Impact of Oxidative Stress on Development

Abstract

The developing embryo and fetus, collectively termed the conceptus, are highly susceptible to the adverse effects of oxidative stress initiated by endogenous processes and by xenobiotics that enhance the formation of reactive oxygen species (ROS). This susceptibility is due in part to the high conceptal rates of cellular division and differentiation, and the complex processes involved in the formation of organ structures and development of functional systems, including brain activity. Alterations in these processes can result in in utero or perinatal death, or structural and functional birth defects, termed “teratogenesis.” The instability of ROS, and particularly hydroxyl radicals, means that proximate formation of ROS within the conceptus, rather than distal maternal formation, plays a critical role in teratogenesis. Susceptibility is compounded by relatively high levels of embryonic and fetal enzymes involved in ROS formation and xenobiotic bioactivation to free radical intermediates and conversely low levels of protective antioxidative enzymes.

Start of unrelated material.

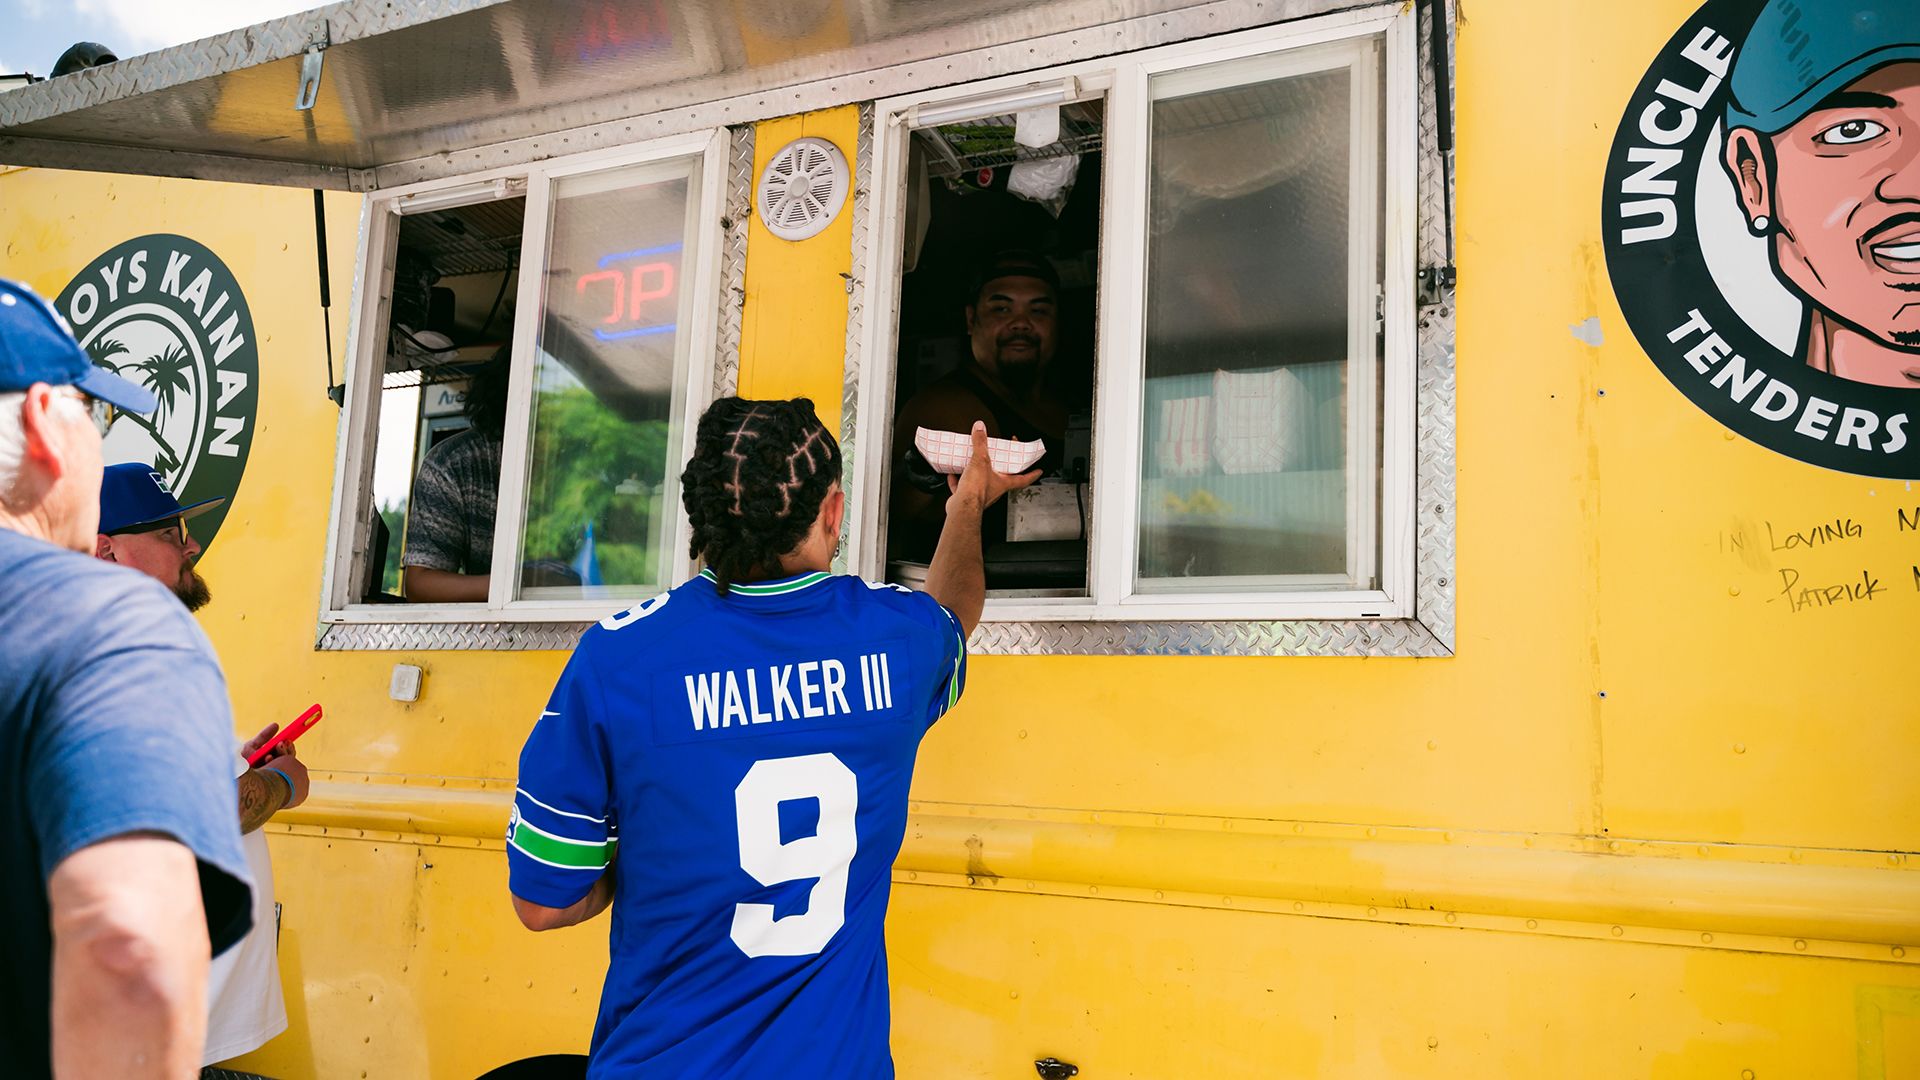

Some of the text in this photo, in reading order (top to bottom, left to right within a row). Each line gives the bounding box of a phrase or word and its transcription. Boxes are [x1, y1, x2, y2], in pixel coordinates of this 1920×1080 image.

Enhanced ROS levels can adversely affect development by altering signal transduction and/or by oxidatively damaging conceptal cellular macromolecules such as lipids, proteins, and DNA, the latter of which may be mitigated by DNA repair enzymes. The risk of teratogenesis is therefore largely determined at the conceptal level, wherein mouse models littermates with an unfavorable imbalance among pathways of ROS formation and detoxification, and DNA repair, exhibit greater structural and/or functional birth defects than littermates with a favorable balance.